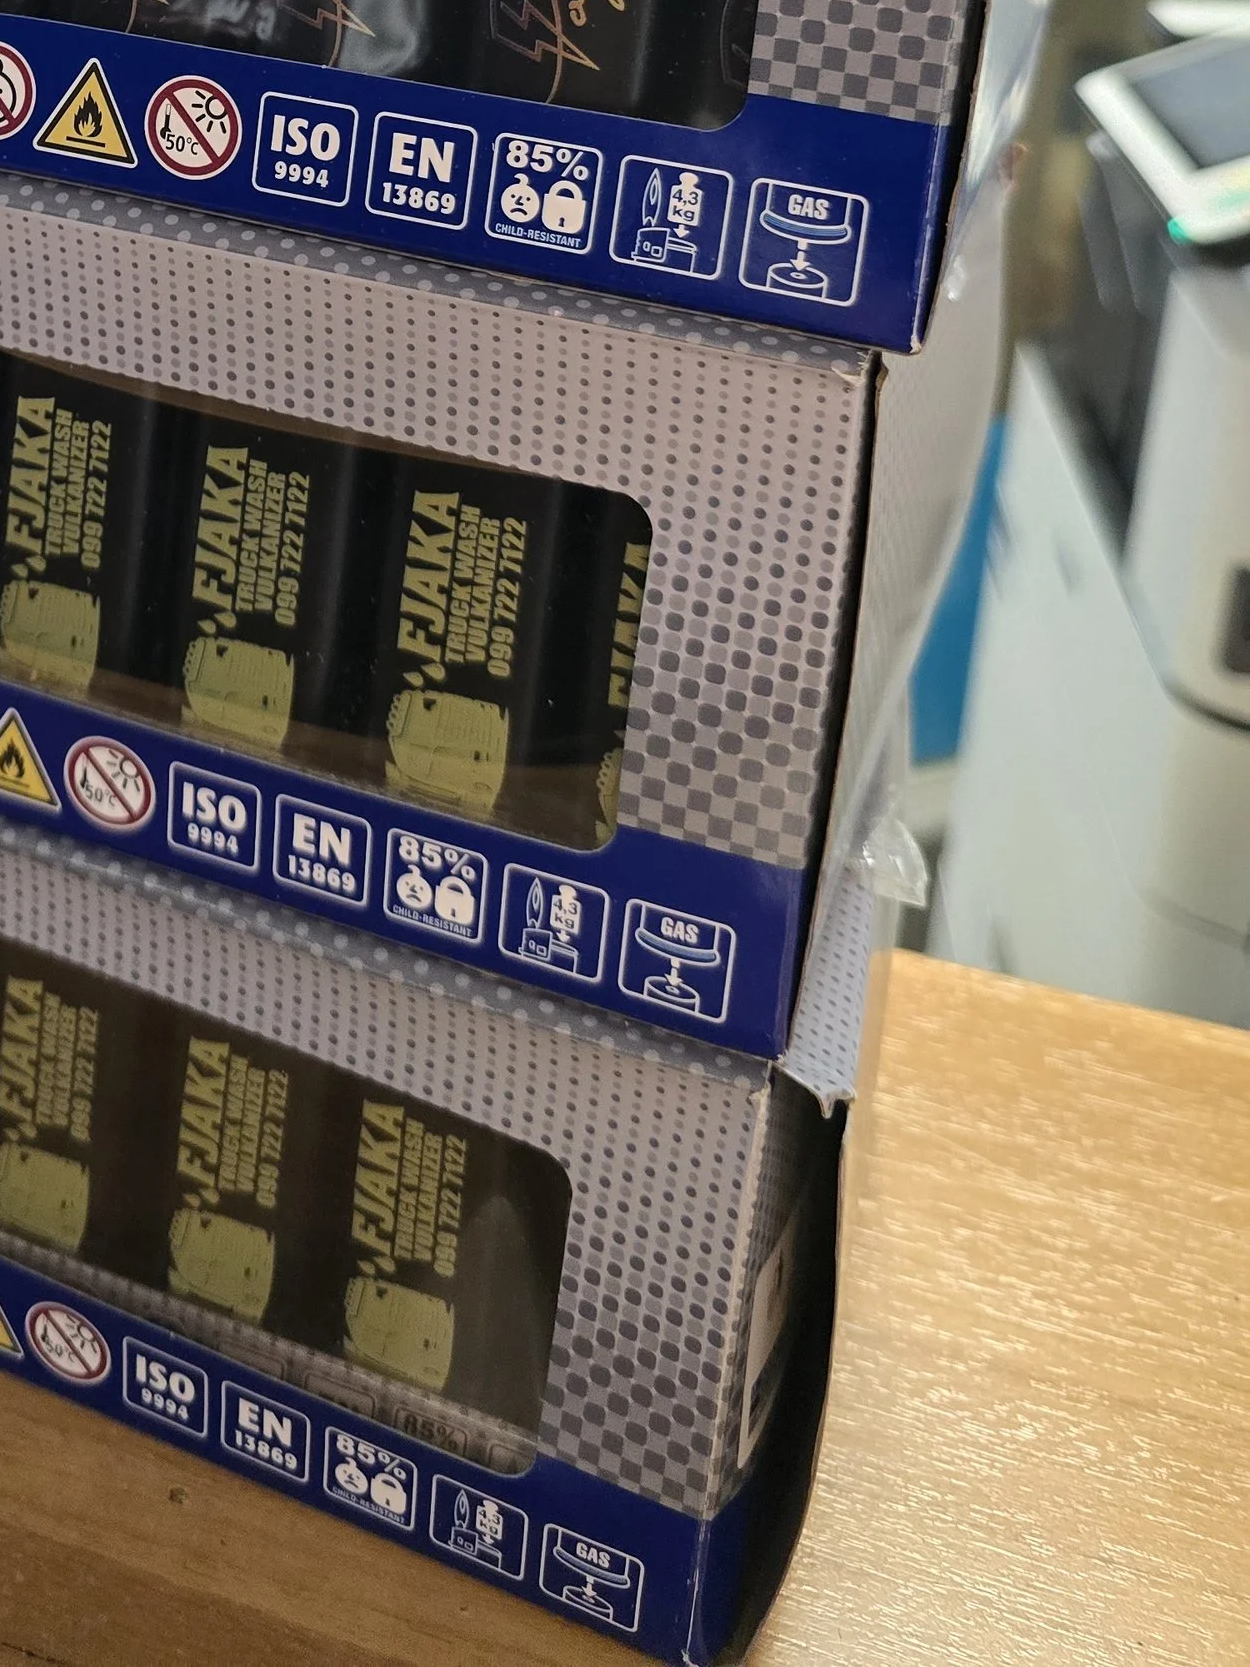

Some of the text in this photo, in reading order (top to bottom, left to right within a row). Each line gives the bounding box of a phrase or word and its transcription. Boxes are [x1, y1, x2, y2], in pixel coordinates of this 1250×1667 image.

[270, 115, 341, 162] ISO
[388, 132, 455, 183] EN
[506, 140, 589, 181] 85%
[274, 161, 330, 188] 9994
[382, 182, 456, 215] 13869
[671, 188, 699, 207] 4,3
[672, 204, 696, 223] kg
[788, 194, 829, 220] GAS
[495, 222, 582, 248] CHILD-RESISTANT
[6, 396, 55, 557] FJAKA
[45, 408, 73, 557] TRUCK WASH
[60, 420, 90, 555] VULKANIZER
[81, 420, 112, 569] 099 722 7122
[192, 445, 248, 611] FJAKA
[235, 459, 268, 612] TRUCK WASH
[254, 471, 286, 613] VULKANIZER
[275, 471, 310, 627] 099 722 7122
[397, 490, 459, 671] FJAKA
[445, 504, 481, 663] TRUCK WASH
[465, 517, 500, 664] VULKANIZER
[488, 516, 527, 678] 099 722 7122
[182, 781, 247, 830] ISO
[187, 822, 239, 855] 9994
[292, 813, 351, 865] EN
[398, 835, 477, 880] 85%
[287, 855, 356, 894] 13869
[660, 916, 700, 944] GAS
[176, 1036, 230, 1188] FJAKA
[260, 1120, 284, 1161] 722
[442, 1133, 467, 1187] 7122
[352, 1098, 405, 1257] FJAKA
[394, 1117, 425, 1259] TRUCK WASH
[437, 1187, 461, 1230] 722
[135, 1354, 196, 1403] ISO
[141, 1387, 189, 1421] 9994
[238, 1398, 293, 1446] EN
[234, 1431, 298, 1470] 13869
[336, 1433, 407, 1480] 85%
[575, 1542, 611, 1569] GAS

______

● Exercise brief: The result should be the material above, unchanged and free of pictures; please print it.

● Reply to the exercise:
Some of the text in this photo, in reading order (top to bottom, left to right within a row). Each line gives the bounding box of a phrase or word and its transcription. Boxes are [x1, y1, x2, y2], in pixel coordinates of this 1250×1667 image.

[270, 115, 341, 162] ISO
[388, 132, 455, 183] EN
[506, 140, 589, 181] 85%
[274, 161, 330, 188] 9994
[382, 182, 456, 215] 13869
[671, 188, 699, 207] 4,3
[672, 204, 696, 223] kg
[788, 194, 829, 220] GAS
[495, 222, 582, 248] CHILD-RESISTANT
[6, 396, 55, 557] FJAKA
[45, 408, 73, 557] TRUCK WASH
[60, 420, 90, 555] VULKANIZER
[81, 420, 112, 569] 099 722 7122
[192, 445, 248, 611] FJAKA
[235, 459, 268, 612] TRUCK WASH
[254, 471, 286, 613] VULKANIZER
[275, 471, 310, 627] 099 722 7122
[397, 490, 459, 671] FJAKA
[445, 504, 481, 663] TRUCK WASH
[465, 517, 500, 664] VULKANIZER
[488, 516, 527, 678] 099 722 7122
[182, 781, 247, 830] ISO
[187, 822, 239, 855] 9994
[292, 813, 351, 865] EN
[398, 835, 477, 880] 85%
[287, 855, 356, 894] 13869
[660, 916, 700, 944] GAS
[176, 1036, 230, 1188] FJAKA
[260, 1120, 284, 1161] 722
[442, 1133, 467, 1187] 7122
[352, 1098, 405, 1257] FJAKA
[394, 1117, 425, 1259] TRUCK WASH
[437, 1187, 461, 1230] 722
[135, 1354, 196, 1403] ISO
[141, 1387, 189, 1421] 9994
[238, 1398, 293, 1446] EN
[234, 1431, 298, 1470] 13869
[336, 1433, 407, 1480] 85%
[575, 1542, 611, 1569] GAS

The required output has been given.